TO DO: Below is a set of records; reproduce them exactly without their pictures.
┌──
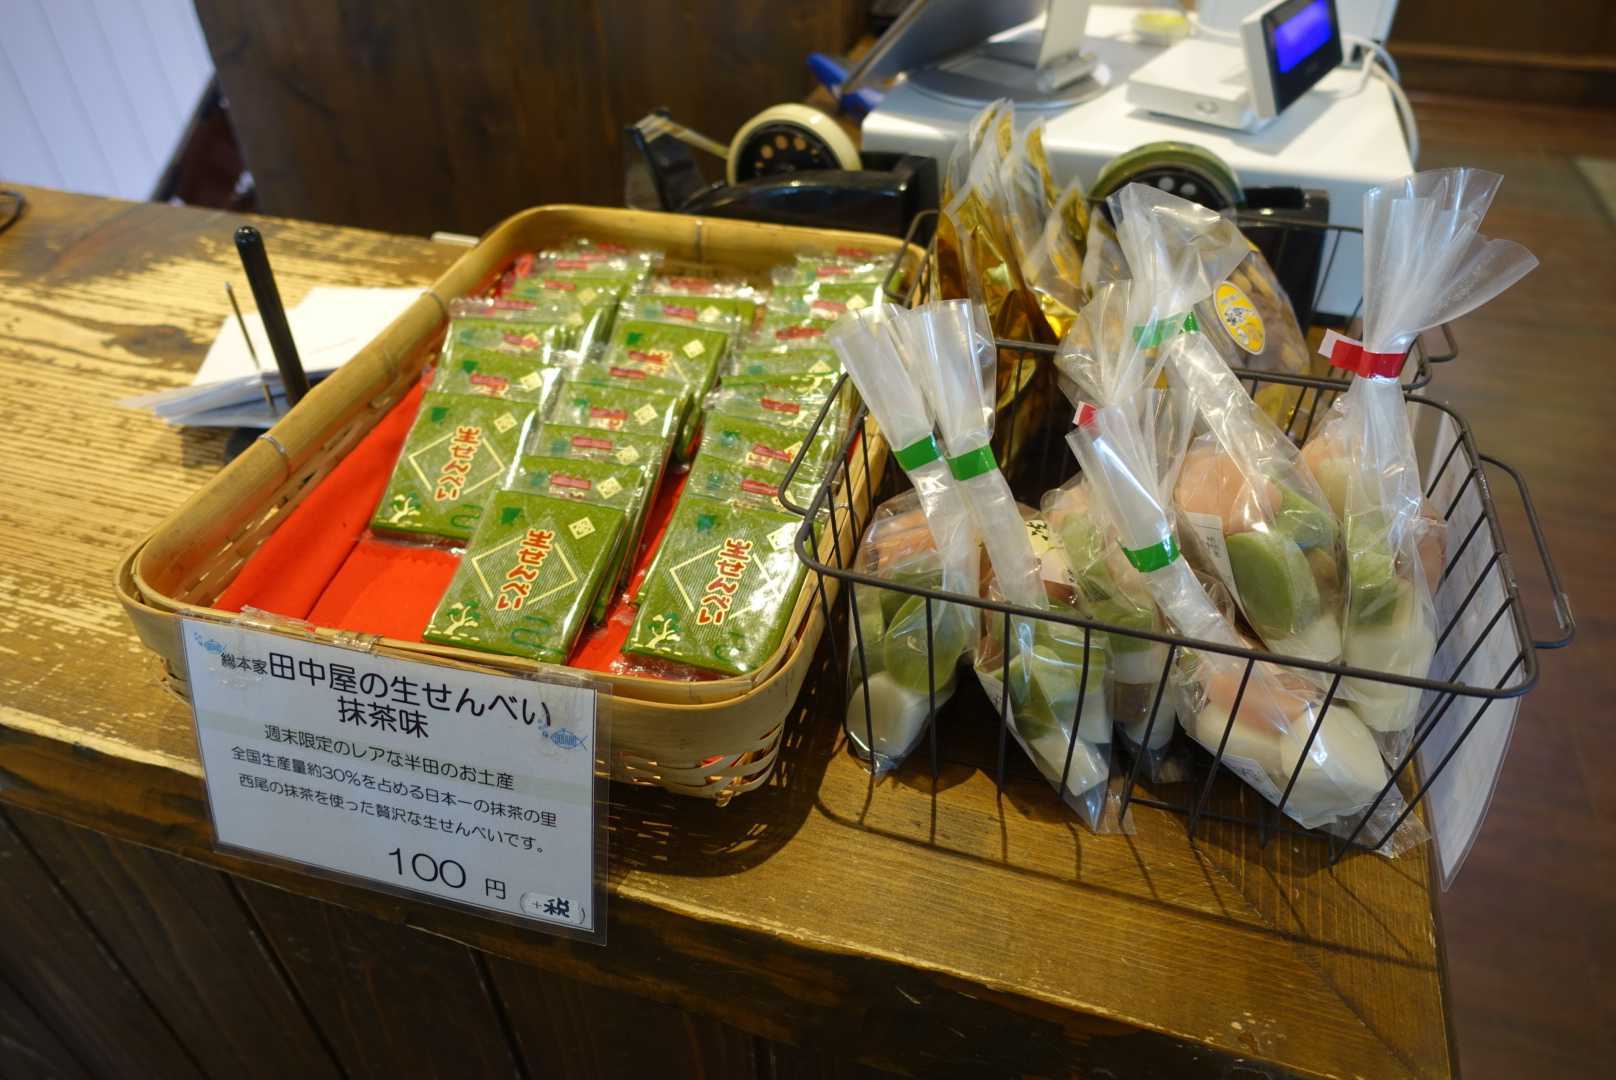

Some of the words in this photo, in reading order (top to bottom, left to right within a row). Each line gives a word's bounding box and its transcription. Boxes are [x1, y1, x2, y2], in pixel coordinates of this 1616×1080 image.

[435, 425, 482, 501] 生せんべい
[496, 528, 556, 611] 生せんべい
[697, 537, 753, 624] 生せんべい
[337, 695, 429, 739] 抹茶味
[231, 745, 558, 828] 全国生産量約30%を占める日本一の抹茶の里
[264, 723, 515, 791] 週末限定のレアな半田のお土産
[238, 772, 544, 854] 西尾の抹茶を使った贅沢な生せんべいです。
[388, 847, 467, 889] 100
[484, 877, 507, 901] 円
└──
RESULT FOR THIS EXERCISE:
Some of the words in this photo, in reading order (top to bottom, left to right within a row). Each line gives a word's bounding box and its transcription. Boxes are [x1, y1, x2, y2], in pixel coordinates of this 1616×1080 image.

[435, 425, 482, 501] 生せんべい
[496, 528, 556, 611] 生せんべい
[697, 537, 753, 624] 生せんべい
[337, 695, 429, 739] 抹茶味
[231, 745, 558, 828] 全国生産量約30%を占める日本一の抹茶の里
[264, 723, 515, 791] 週末限定のレアな半田のお土産
[238, 772, 544, 854] 西尾の抹茶を使った贅沢な生せんべいです。
[388, 847, 467, 889] 100
[484, 877, 507, 901] 円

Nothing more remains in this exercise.